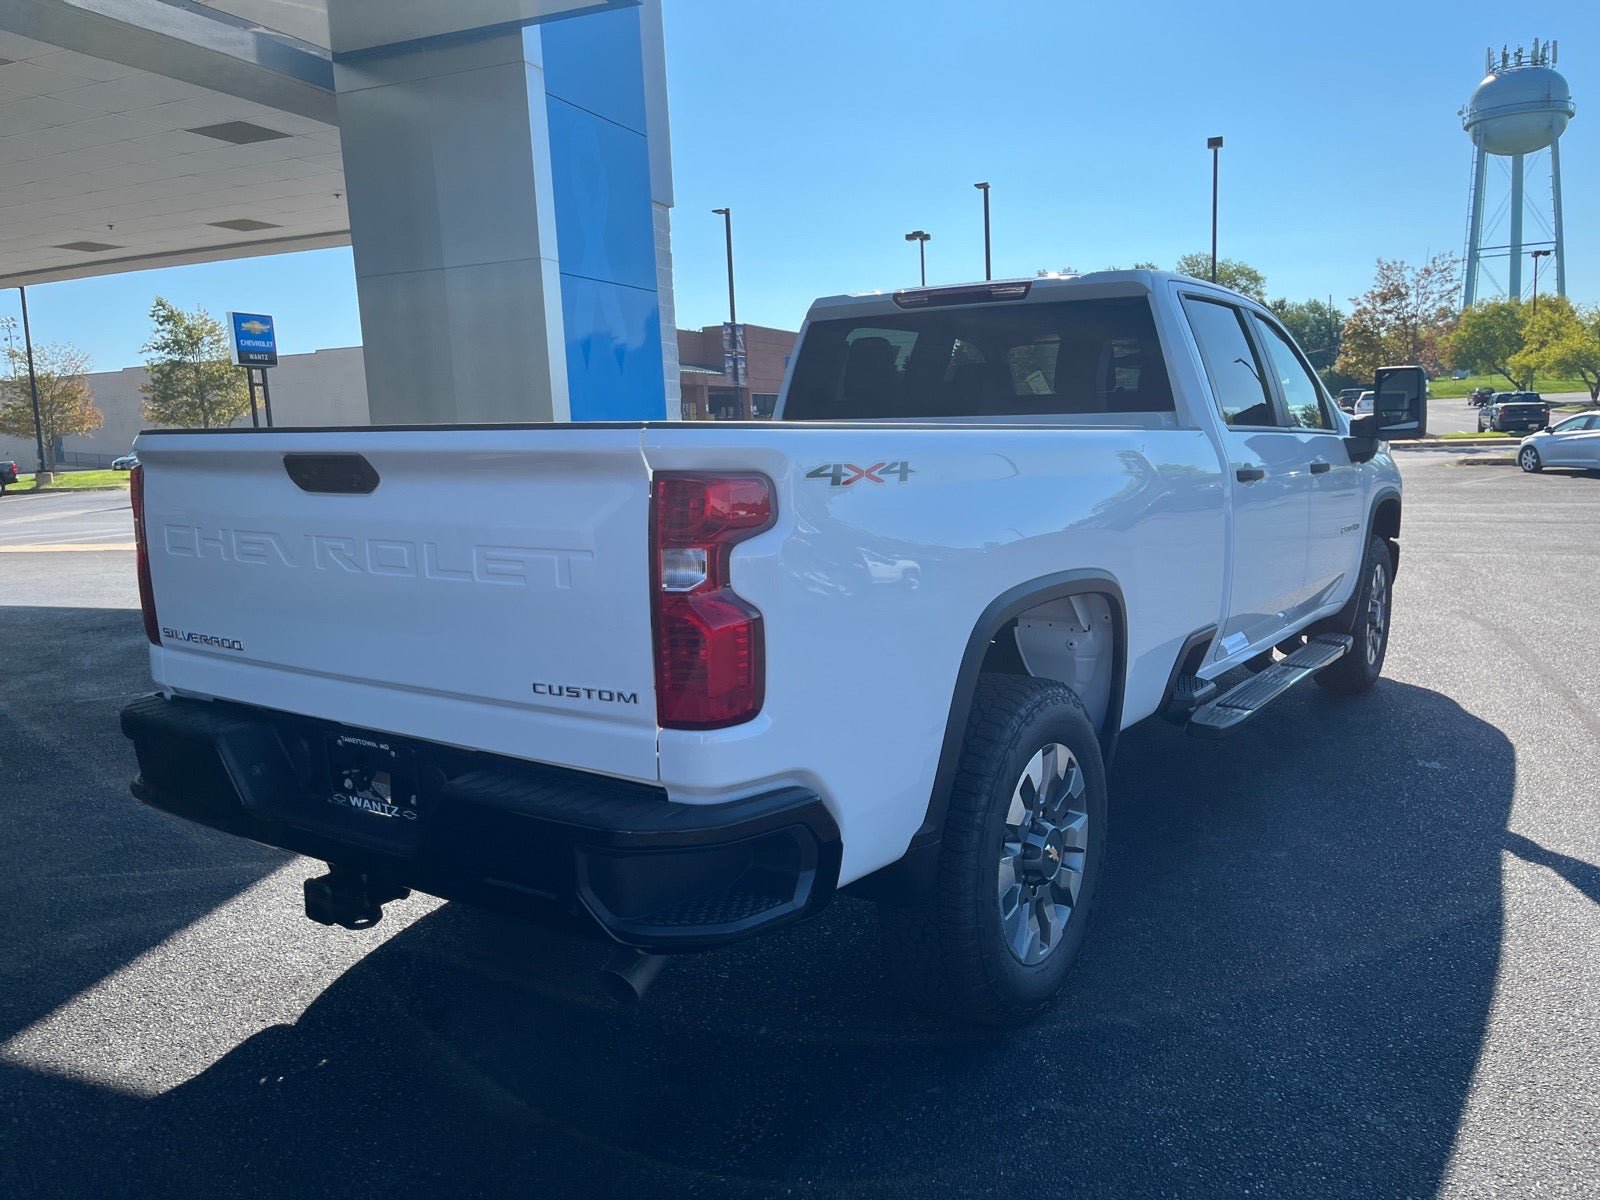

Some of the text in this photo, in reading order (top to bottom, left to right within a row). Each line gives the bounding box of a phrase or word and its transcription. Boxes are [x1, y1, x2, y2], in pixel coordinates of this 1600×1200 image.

[240, 339, 273, 347] CHEVROLET
[249, 353, 269, 361] WANTZ
[163, 523, 594, 590] CHEVROLET
[162, 627, 245, 651] SILVERADO
[532, 682, 639, 705] CUSTOM
[348, 795, 401, 818] WANTZ
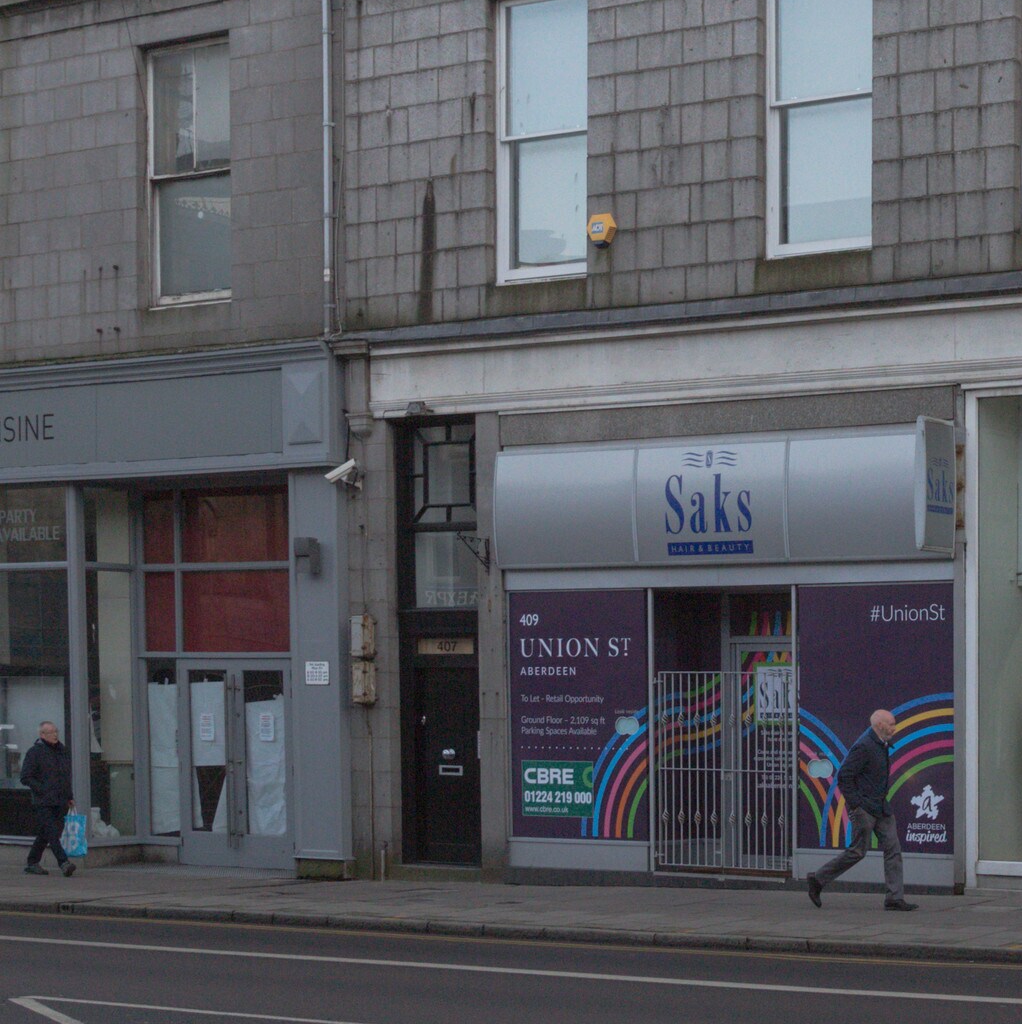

Activity: An exact reprint of every record is required, with the pictures omitted.

Written response:
Some of the text in this photo, in reading order (top to bottom, left to right within a row). Each line gives the bounding box of a phrase or word and its transcription. Boxes are [x1, y1, x2, y2], in pixel coordinates of this 1600×1200 image.

[240, 339, 273, 347] CHEVROLET
[249, 353, 269, 361] WANTZ
[163, 523, 594, 590] CHEVROLET
[162, 627, 245, 651] SILVERADO
[532, 682, 639, 705] CUSTOM
[348, 795, 401, 818] WANTZ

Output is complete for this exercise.